_TO DO_
Could you give back the records exactly, taking out the pictures?

_DATASET RECORDS_
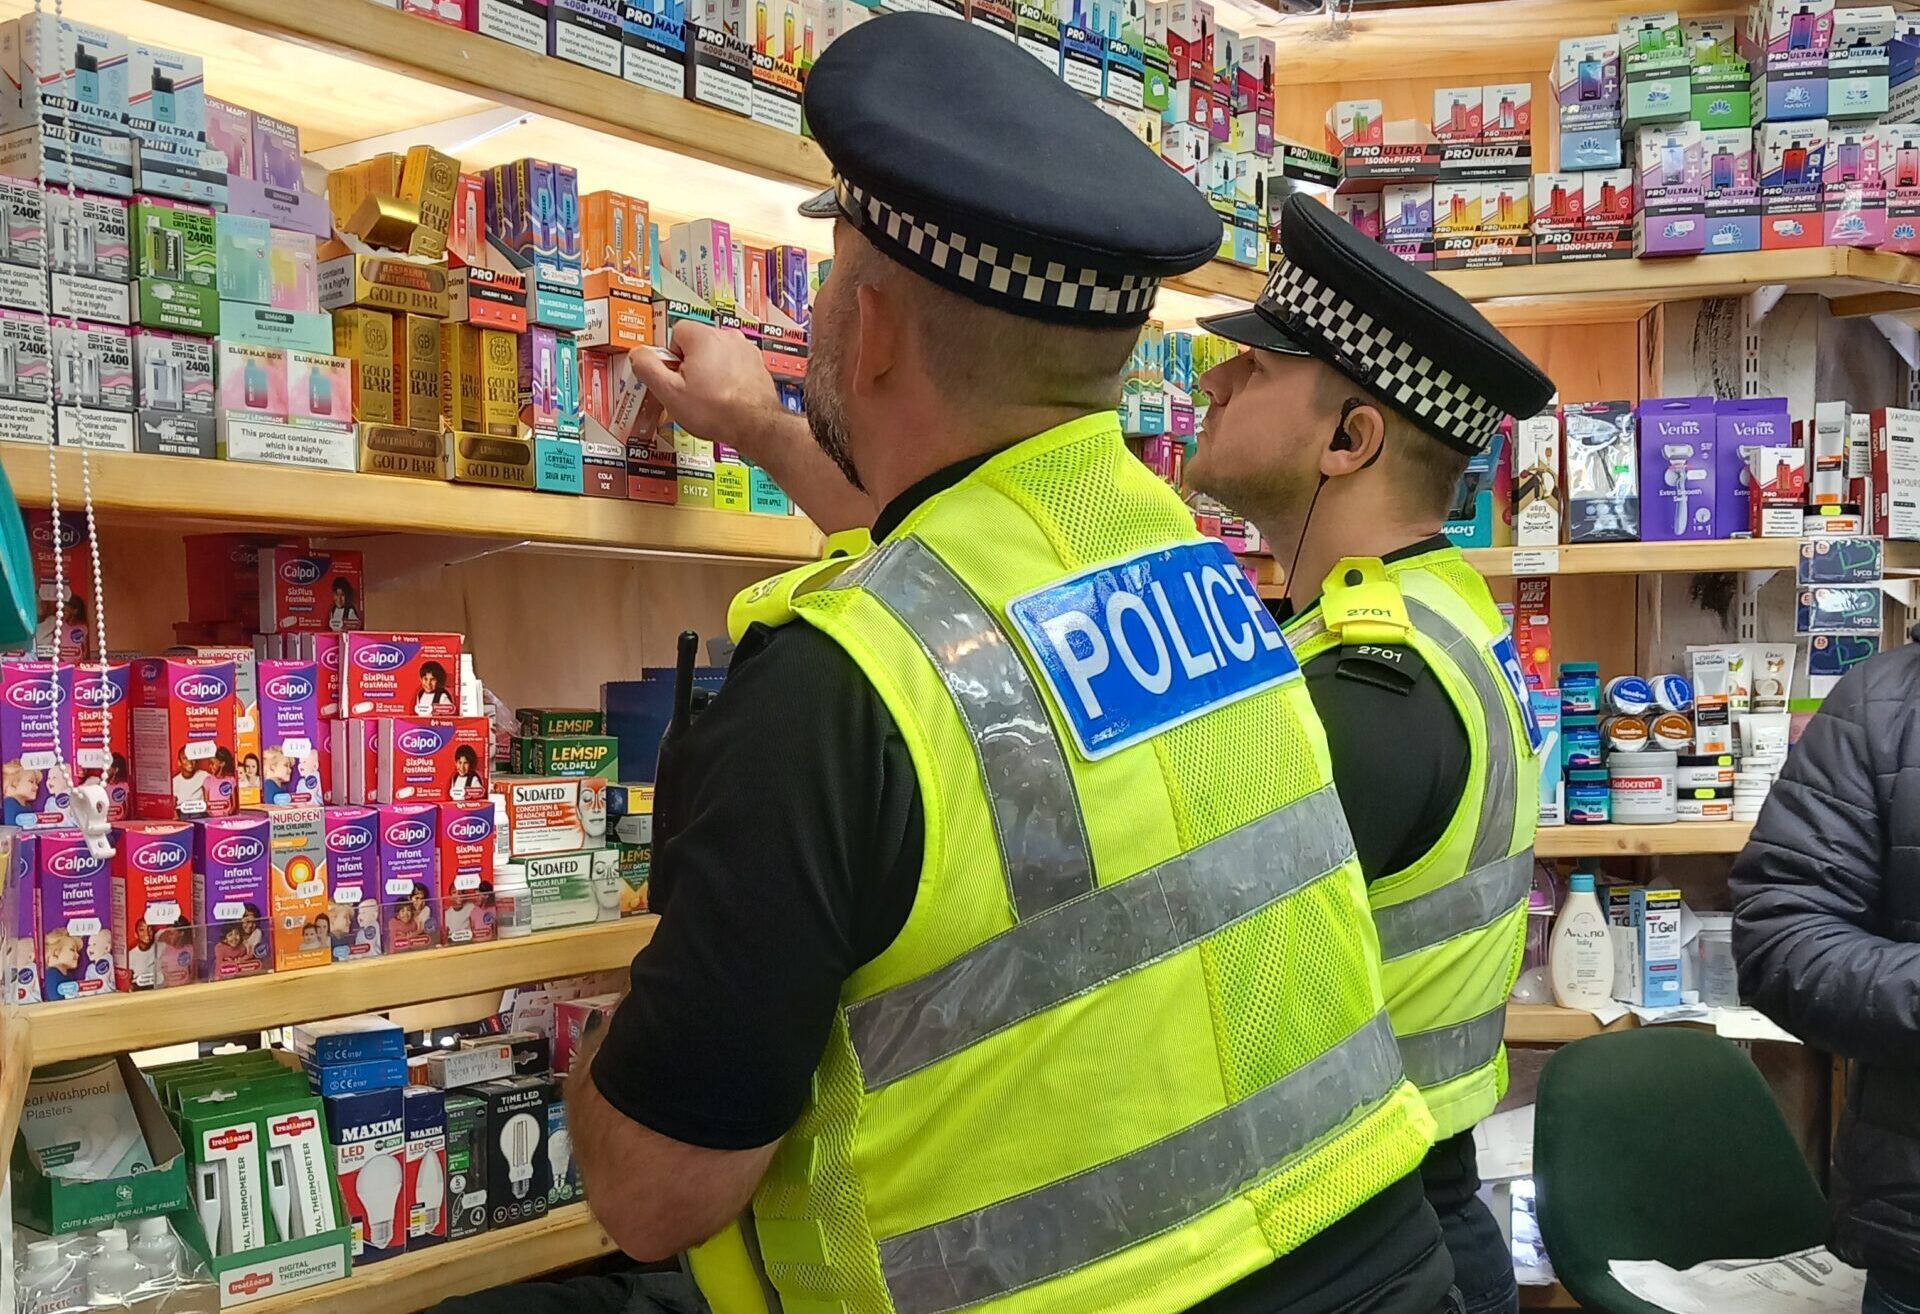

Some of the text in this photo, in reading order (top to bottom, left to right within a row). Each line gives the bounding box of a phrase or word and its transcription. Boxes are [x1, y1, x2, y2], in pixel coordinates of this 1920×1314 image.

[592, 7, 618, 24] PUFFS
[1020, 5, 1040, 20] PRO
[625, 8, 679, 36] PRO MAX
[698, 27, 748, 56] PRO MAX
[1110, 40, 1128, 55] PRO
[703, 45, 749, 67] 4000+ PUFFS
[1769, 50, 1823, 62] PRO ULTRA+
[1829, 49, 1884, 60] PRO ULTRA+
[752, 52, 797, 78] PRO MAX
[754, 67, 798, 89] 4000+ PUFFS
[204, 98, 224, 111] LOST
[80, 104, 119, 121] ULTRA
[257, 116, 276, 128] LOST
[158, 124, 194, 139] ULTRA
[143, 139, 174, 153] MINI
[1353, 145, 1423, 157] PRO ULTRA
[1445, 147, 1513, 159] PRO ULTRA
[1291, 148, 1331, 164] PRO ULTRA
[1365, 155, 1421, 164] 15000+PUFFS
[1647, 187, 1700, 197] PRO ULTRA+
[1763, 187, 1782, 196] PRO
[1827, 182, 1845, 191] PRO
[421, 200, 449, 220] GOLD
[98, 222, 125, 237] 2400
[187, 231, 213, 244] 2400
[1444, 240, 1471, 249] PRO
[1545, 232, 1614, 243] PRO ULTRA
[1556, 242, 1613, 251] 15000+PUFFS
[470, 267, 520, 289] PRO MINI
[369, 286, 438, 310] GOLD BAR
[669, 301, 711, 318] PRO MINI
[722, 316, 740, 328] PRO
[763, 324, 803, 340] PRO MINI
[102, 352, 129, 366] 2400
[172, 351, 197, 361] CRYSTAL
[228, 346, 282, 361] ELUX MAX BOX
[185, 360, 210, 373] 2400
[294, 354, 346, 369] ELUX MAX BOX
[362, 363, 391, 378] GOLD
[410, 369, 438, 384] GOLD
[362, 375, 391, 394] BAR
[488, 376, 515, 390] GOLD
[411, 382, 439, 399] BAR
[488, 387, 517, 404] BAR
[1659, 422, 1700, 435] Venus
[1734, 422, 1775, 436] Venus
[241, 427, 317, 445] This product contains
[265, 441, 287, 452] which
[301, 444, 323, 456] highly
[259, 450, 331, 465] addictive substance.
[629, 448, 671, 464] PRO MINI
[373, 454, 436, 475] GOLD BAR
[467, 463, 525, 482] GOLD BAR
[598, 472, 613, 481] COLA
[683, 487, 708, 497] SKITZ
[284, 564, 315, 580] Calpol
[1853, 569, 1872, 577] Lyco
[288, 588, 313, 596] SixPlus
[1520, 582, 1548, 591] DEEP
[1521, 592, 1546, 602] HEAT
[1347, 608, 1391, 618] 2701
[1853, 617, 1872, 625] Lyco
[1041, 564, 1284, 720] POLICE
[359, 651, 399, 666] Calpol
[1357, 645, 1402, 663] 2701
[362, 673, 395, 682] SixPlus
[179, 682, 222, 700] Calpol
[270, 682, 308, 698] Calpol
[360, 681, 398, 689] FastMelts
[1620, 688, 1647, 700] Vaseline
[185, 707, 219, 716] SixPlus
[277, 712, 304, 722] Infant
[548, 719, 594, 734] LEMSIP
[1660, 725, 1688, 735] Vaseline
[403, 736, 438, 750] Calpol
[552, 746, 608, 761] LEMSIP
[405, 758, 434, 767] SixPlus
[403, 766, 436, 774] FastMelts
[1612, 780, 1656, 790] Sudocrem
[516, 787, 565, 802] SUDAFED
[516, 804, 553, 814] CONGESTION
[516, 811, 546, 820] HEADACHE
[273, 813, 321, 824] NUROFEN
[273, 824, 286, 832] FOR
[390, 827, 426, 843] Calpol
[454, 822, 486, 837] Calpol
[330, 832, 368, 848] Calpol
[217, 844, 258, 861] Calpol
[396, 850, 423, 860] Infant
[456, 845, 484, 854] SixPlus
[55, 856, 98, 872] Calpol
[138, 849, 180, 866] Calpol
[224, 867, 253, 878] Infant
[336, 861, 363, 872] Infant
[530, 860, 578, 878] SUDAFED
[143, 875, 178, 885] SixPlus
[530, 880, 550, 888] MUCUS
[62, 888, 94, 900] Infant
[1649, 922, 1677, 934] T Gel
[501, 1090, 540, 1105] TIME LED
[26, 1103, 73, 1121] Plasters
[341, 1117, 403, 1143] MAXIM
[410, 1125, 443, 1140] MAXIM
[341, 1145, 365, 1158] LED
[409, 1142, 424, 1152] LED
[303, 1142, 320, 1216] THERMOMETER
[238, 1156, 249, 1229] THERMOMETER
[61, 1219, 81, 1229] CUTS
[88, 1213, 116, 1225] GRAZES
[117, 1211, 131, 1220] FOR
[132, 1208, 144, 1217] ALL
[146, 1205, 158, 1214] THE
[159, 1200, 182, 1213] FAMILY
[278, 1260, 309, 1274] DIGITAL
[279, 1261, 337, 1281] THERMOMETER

_RESULT OF THIS EXERCISE_
Some of the text in this photo, in reading order (top to bottom, left to right within a row). Each line gives the bounding box of a phrase or word and its transcription. Boxes are [x1, y1, x2, y2], in pixel coordinates of this 1920×1314 image.

[592, 7, 618, 24] PUFFS
[1020, 5, 1040, 20] PRO
[625, 8, 679, 36] PRO MAX
[698, 27, 748, 56] PRO MAX
[1110, 40, 1128, 55] PRO
[703, 45, 749, 67] 4000+ PUFFS
[1769, 50, 1823, 62] PRO ULTRA+
[1829, 49, 1884, 60] PRO ULTRA+
[752, 52, 797, 78] PRO MAX
[754, 67, 798, 89] 4000+ PUFFS
[204, 98, 224, 111] LOST
[80, 104, 119, 121] ULTRA
[257, 116, 276, 128] LOST
[158, 124, 194, 139] ULTRA
[143, 139, 174, 153] MINI
[1353, 145, 1423, 157] PRO ULTRA
[1445, 147, 1513, 159] PRO ULTRA
[1291, 148, 1331, 164] PRO ULTRA
[1365, 155, 1421, 164] 15000+PUFFS
[1647, 187, 1700, 197] PRO ULTRA+
[1763, 187, 1782, 196] PRO
[1827, 182, 1845, 191] PRO
[421, 200, 449, 220] GOLD
[98, 222, 125, 237] 2400
[187, 231, 213, 244] 2400
[1444, 240, 1471, 249] PRO
[1545, 232, 1614, 243] PRO ULTRA
[1556, 242, 1613, 251] 15000+PUFFS
[470, 267, 520, 289] PRO MINI
[369, 286, 438, 310] GOLD BAR
[669, 301, 711, 318] PRO MINI
[722, 316, 740, 328] PRO
[763, 324, 803, 340] PRO MINI
[102, 352, 129, 366] 2400
[172, 351, 197, 361] CRYSTAL
[228, 346, 282, 361] ELUX MAX BOX
[185, 360, 210, 373] 2400
[294, 354, 346, 369] ELUX MAX BOX
[362, 363, 391, 378] GOLD
[410, 369, 438, 384] GOLD
[362, 375, 391, 394] BAR
[488, 376, 515, 390] GOLD
[411, 382, 439, 399] BAR
[488, 387, 517, 404] BAR
[1659, 422, 1700, 435] Venus
[1734, 422, 1775, 436] Venus
[241, 427, 317, 445] This product contains
[265, 441, 287, 452] which
[301, 444, 323, 456] highly
[259, 450, 331, 465] addictive substance.
[629, 448, 671, 464] PRO MINI
[373, 454, 436, 475] GOLD BAR
[467, 463, 525, 482] GOLD BAR
[598, 472, 613, 481] COLA
[683, 487, 708, 497] SKITZ
[284, 564, 315, 580] Calpol
[1853, 569, 1872, 577] Lyco
[288, 588, 313, 596] SixPlus
[1520, 582, 1548, 591] DEEP
[1521, 592, 1546, 602] HEAT
[1347, 608, 1391, 618] 2701
[1853, 617, 1872, 625] Lyco
[1041, 564, 1284, 720] POLICE
[359, 651, 399, 666] Calpol
[1357, 645, 1402, 663] 2701
[362, 673, 395, 682] SixPlus
[179, 682, 222, 700] Calpol
[270, 682, 308, 698] Calpol
[360, 681, 398, 689] FastMelts
[1620, 688, 1647, 700] Vaseline
[185, 707, 219, 716] SixPlus
[277, 712, 304, 722] Infant
[548, 719, 594, 734] LEMSIP
[1660, 725, 1688, 735] Vaseline
[403, 736, 438, 750] Calpol
[552, 746, 608, 761] LEMSIP
[405, 758, 434, 767] SixPlus
[403, 766, 436, 774] FastMelts
[1612, 780, 1656, 790] Sudocrem
[516, 787, 565, 802] SUDAFED
[516, 804, 553, 814] CONGESTION
[516, 811, 546, 820] HEADACHE
[273, 813, 321, 824] NUROFEN
[273, 824, 286, 832] FOR
[390, 827, 426, 843] Calpol
[454, 822, 486, 837] Calpol
[330, 832, 368, 848] Calpol
[217, 844, 258, 861] Calpol
[396, 850, 423, 860] Infant
[456, 845, 484, 854] SixPlus
[55, 856, 98, 872] Calpol
[138, 849, 180, 866] Calpol
[224, 867, 253, 878] Infant
[336, 861, 363, 872] Infant
[530, 860, 578, 878] SUDAFED
[143, 875, 178, 885] SixPlus
[530, 880, 550, 888] MUCUS
[62, 888, 94, 900] Infant
[1649, 922, 1677, 934] T Gel
[501, 1090, 540, 1105] TIME LED
[26, 1103, 73, 1121] Plasters
[341, 1117, 403, 1143] MAXIM
[410, 1125, 443, 1140] MAXIM
[341, 1145, 365, 1158] LED
[409, 1142, 424, 1152] LED
[303, 1142, 320, 1216] THERMOMETER
[238, 1156, 249, 1229] THERMOMETER
[61, 1219, 81, 1229] CUTS
[88, 1213, 116, 1225] GRAZES
[117, 1211, 131, 1220] FOR
[132, 1208, 144, 1217] ALL
[146, 1205, 158, 1214] THE
[159, 1200, 182, 1213] FAMILY
[278, 1260, 309, 1274] DIGITAL
[279, 1261, 337, 1281] THERMOMETER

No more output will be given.